Circulating via BitTorrent sites and called “Patcher,” the malware poses as a crack for pirates to get around copy protection and licensing systems used in popular software suites. Researcher Marc-Etienne M.Léveillé found two different fake patchers that used the same code, posing as ways to unlock Microsoft Office for Mac 2016 and Adobe Premiere Pro CC 2017, but suggests there may be more instances of the malware circulating around under different names.
When executed, the malware opens a window telling them to press the Start button to patch their pirated software. When the button is clicked, the ransomware places a “readme” file in various user directories, and then encrypts all other user files via a randomly generated 25-character key in an archive, and deletes the original files.
The Readme file explains to the user the files are encrypted, and to pay 0.25 bitcoin to a specific wallet address to unlock them within seven days. While it is claimed files will be decrypted within 24 hours of the random’s payment, another option to pay 0.45 bitcoin is also offered, touting decryption within ten minutes.

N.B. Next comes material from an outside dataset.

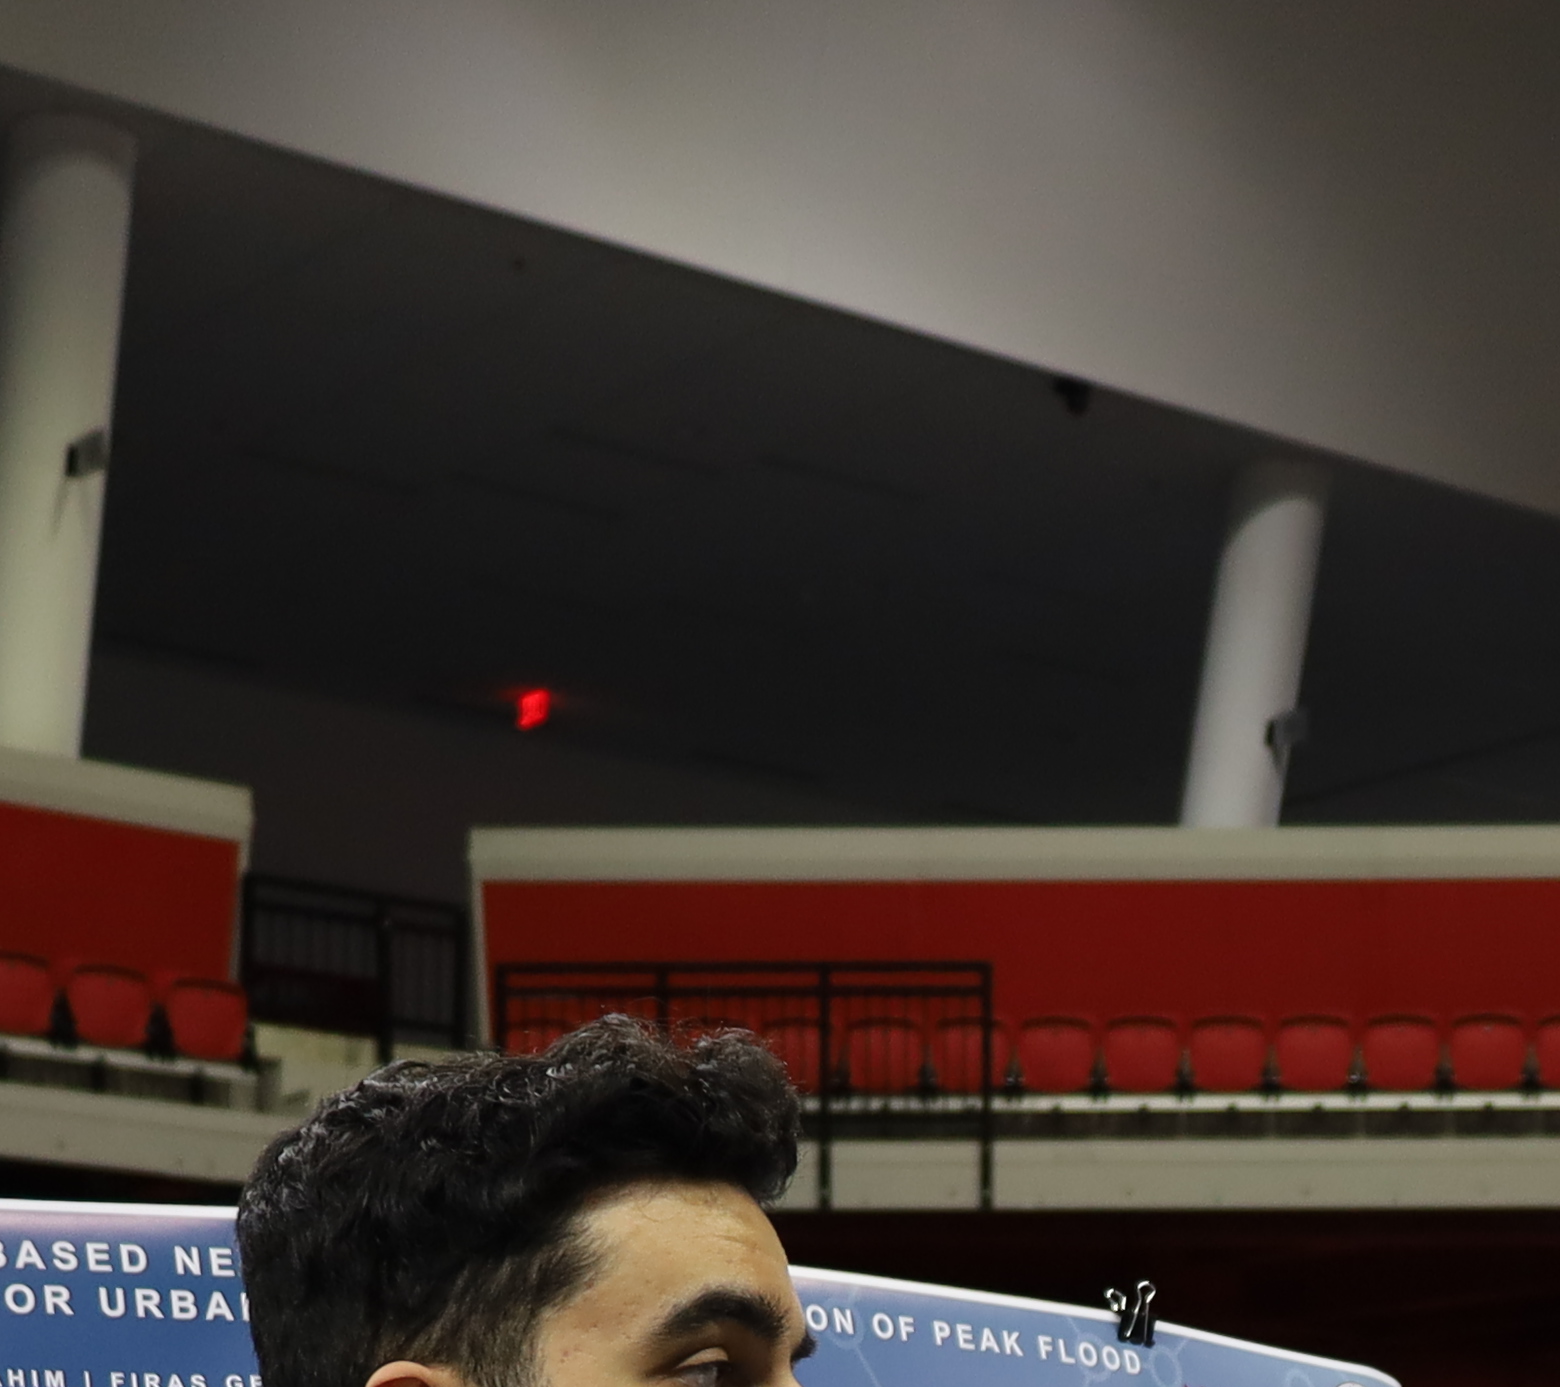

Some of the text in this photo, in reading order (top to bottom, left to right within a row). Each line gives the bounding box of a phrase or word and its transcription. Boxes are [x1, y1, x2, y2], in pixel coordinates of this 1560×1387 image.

“Patcher” is just the latest in a rash of recent malware strains targeting the macOS operating system and its users. In the last 30 days or so, malware posing as both an Adobe Flash Player update and a Microsoft Word macro have been found, targeted at the U.S. defense industry and various human rights groups. An Xagent malware package reportedly created by Russian hackers has also been discovered.
All victims are presented with the same Bitcoin wallet and email address, instead of information unique to each infection. So far, it appears no one has paid the ransom, as there are no transactions in that specific Bitcoin wallet.
Even if a victim does pay the ransom, there is no way to get their files back, as there is no code in the Malware, “poorly coded” in Swift, to send the key to the user to decrypt the files. Léveillé recommends users keep a current offline backup of all important data, as well as security software, to help protect threats such as this.